Leia também:Ignorar o Acordo de Paris é um mau negócio (artigo de Marina Grossi, publicado em 9 de junho de 2017)

Leia também:A crise fabricada da cana (artigo de Marcos Fava Neves, publicado em 30 de novembro de 2014)

Vale ressaltar, ainda, que as questões ambientais relacionadas à matriz energética não devem ganhar importância do governo americano, levando em consideração as demonstrações de que não está tão preocupado com os meios tradicionais de tratar as questões climáticas, como a saída do Acordo de Paris. Também foi anunciada recentemente a redução nas metas para uso de biocombustíveis em 2018. E um dos mais afetados é justamente o etanol de cana de açúcar.

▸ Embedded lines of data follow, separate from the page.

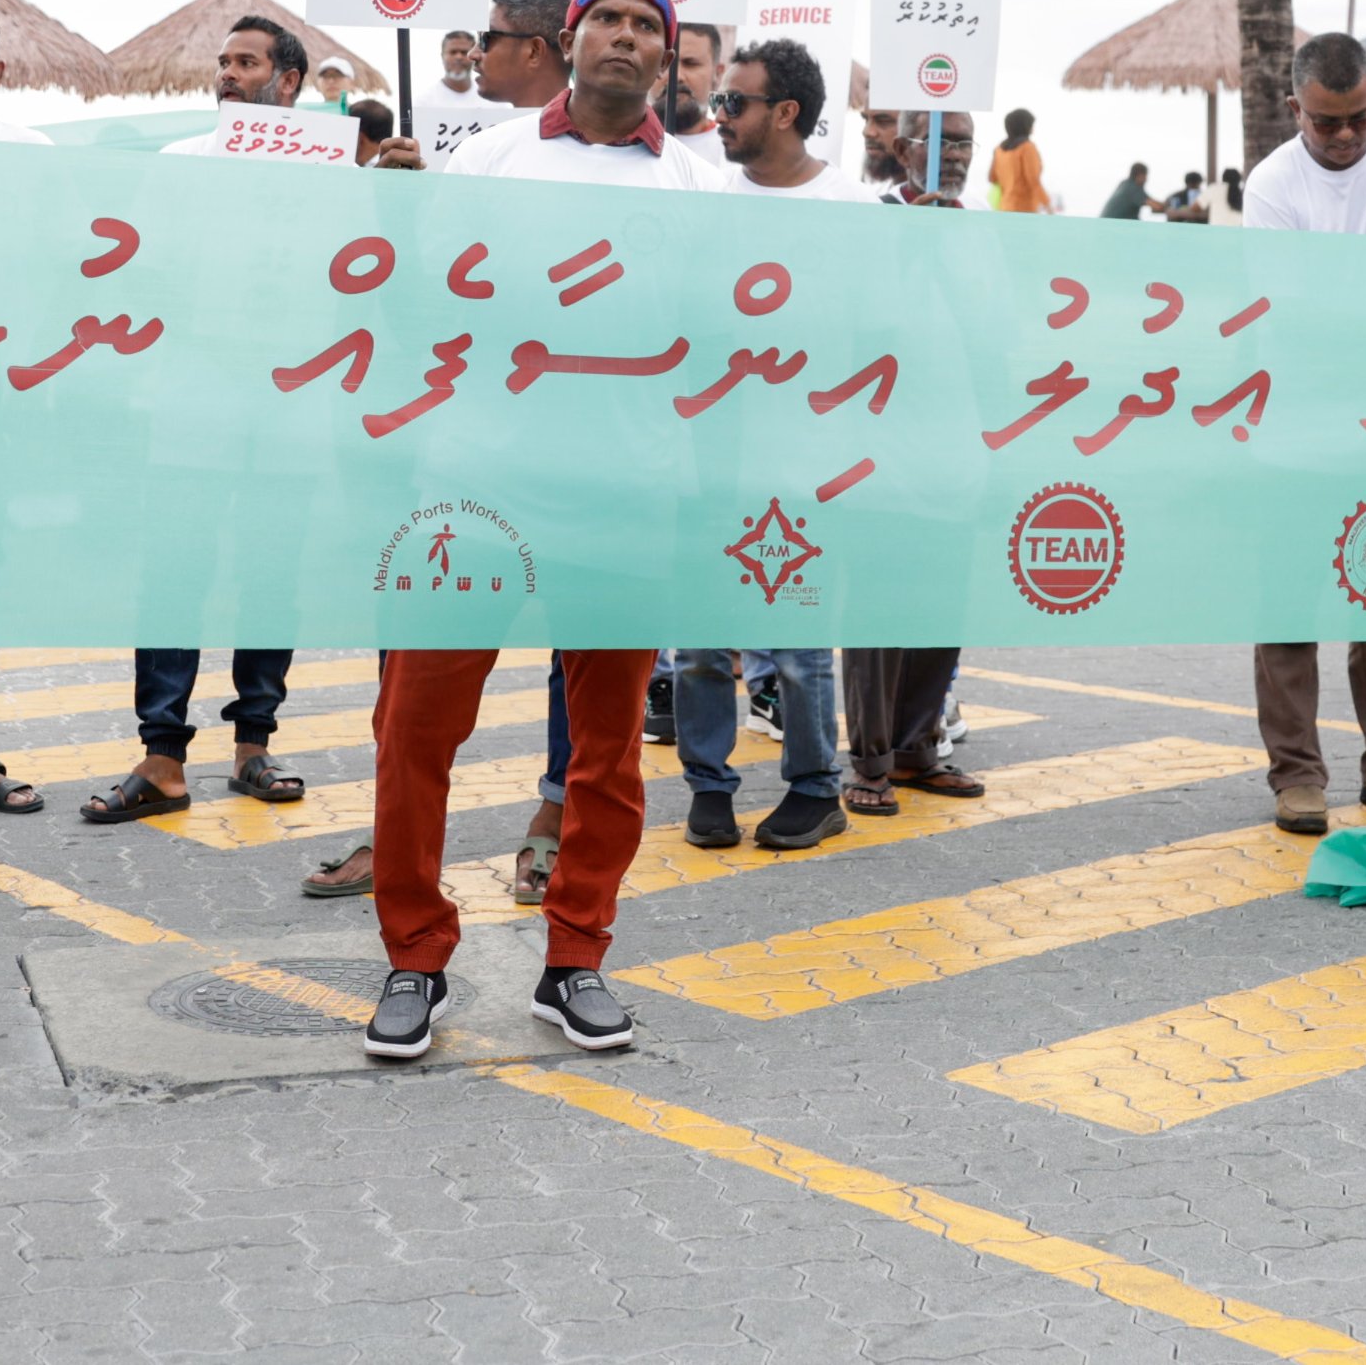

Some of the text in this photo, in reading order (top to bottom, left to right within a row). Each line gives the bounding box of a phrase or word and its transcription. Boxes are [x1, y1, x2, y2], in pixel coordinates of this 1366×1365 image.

[759, 7, 833, 27] SERVICE
[925, 71, 953, 81] TEAM
[373, 498, 538, 594] Maldives Ports Workers Union
[756, 544, 791, 558] TAM
[1025, 536, 1109, 563] TEAM
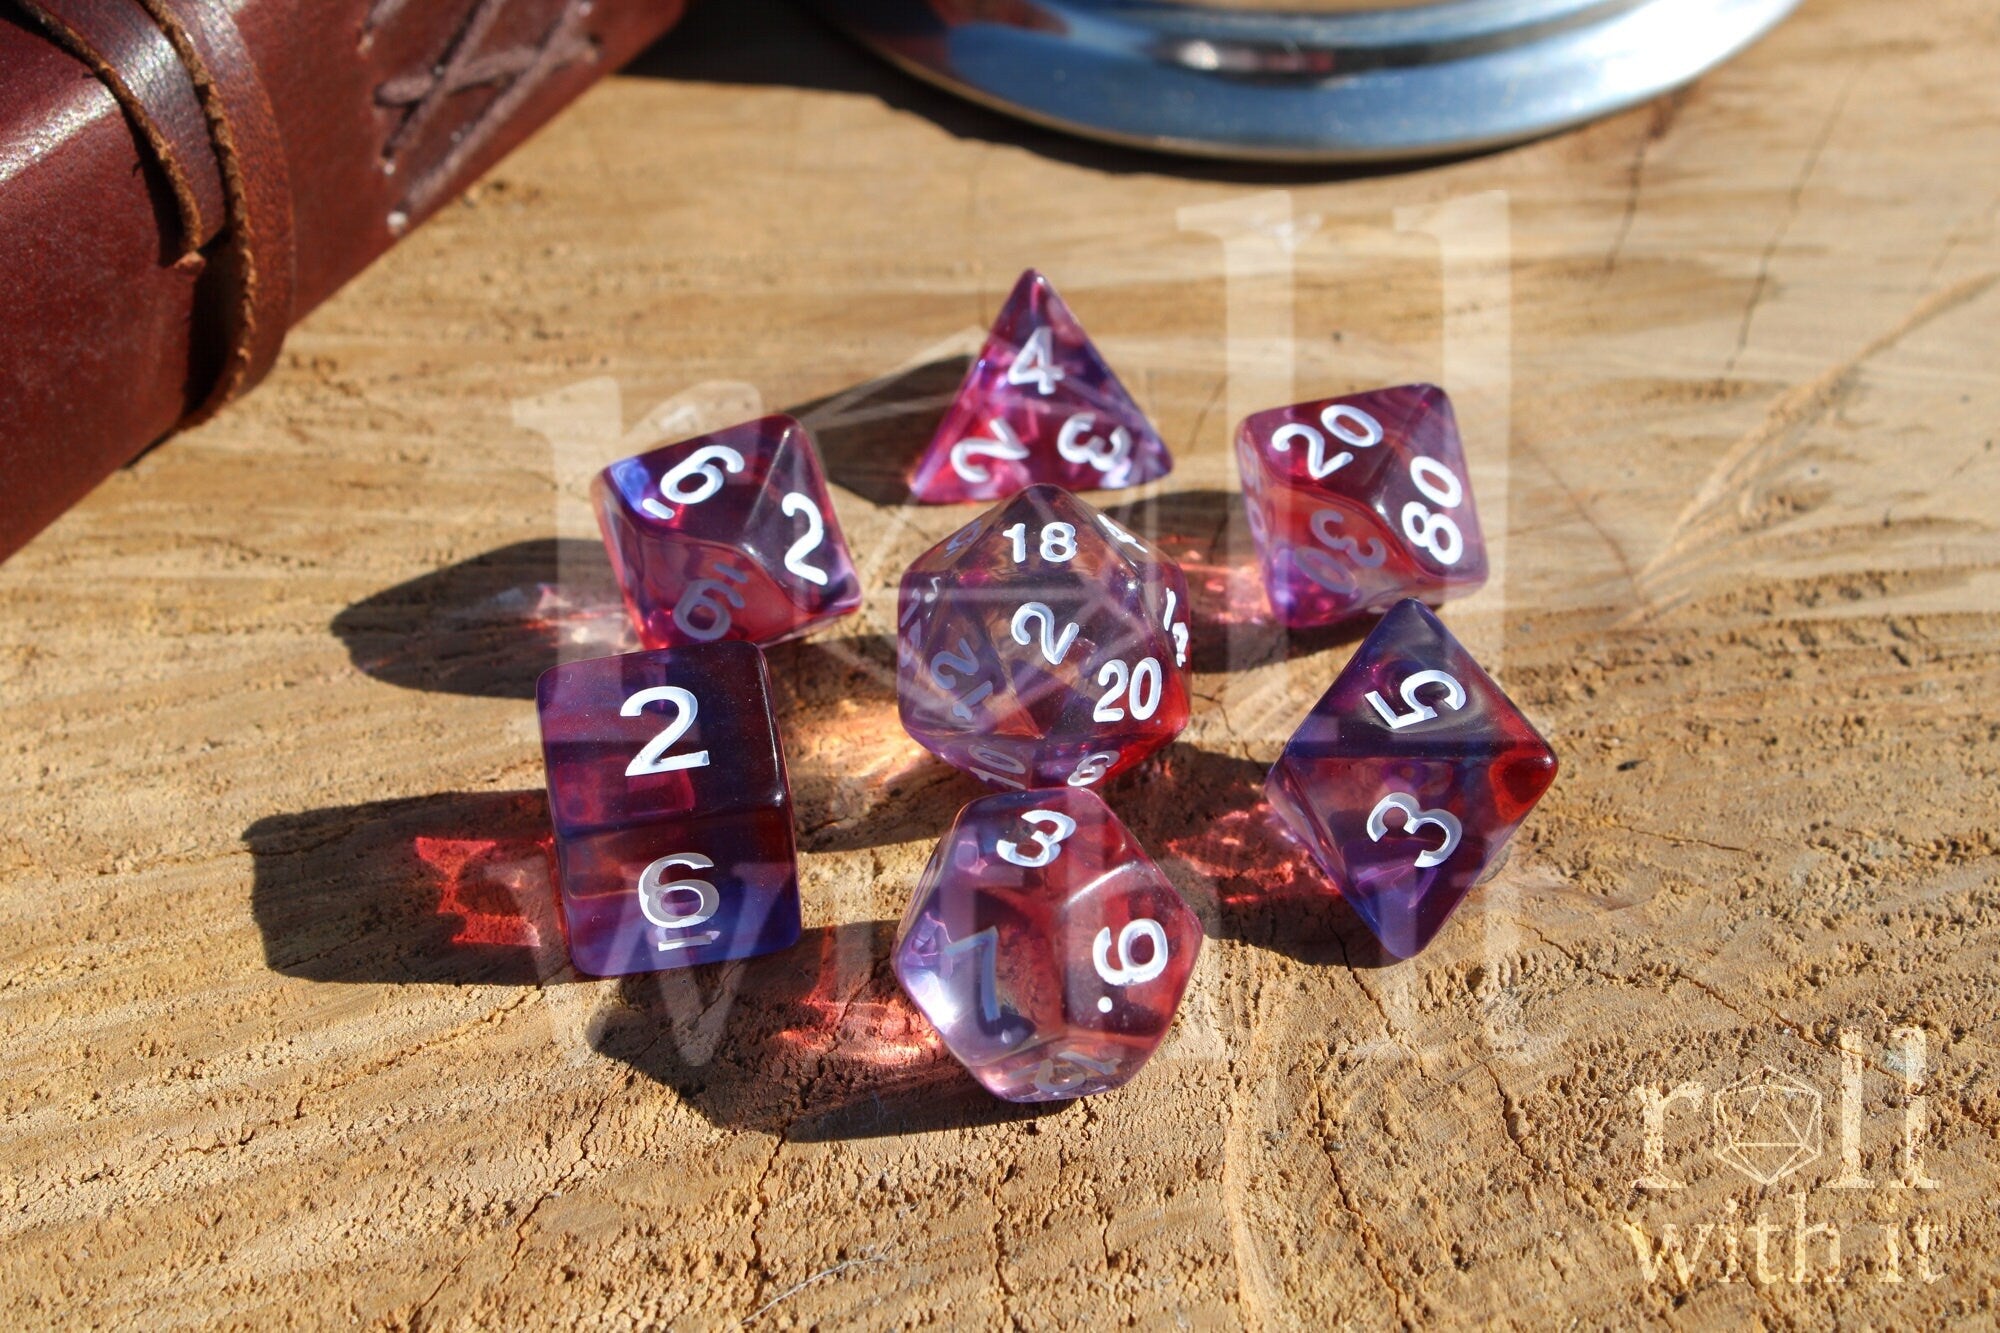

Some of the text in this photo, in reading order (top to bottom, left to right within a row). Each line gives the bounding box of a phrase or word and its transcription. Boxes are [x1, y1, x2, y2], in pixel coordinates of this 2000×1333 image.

Observando todas essas variáveis, acredito que o governo Trump não irá taxar o etanol brasileiro. Outro ponto que reforça a posição é ver os fundos de hedge e outros agentes comerciais elevarem as apostas na cana de açúcar e não no milho. Vale ressaltar que as bolsas sempre são boas sinalizadoras do rumo da economia.

Por fim, cabe ressaltar que o governo brasileiro, apesar de estar em posição mais confortável na disputa, precisa refletir bastante antes da imposição de taxas e cotas ao etanol americano, como as associações brasileiras do segmento sucroalcooleiro pedem, pois Donald Trump é vingativo e pode surpreender.

Christian Frederico da Cunha Bundt é administrador, professor da UEPG e membro do Comitê Macroeconômico do Isae – Escola de Negócios.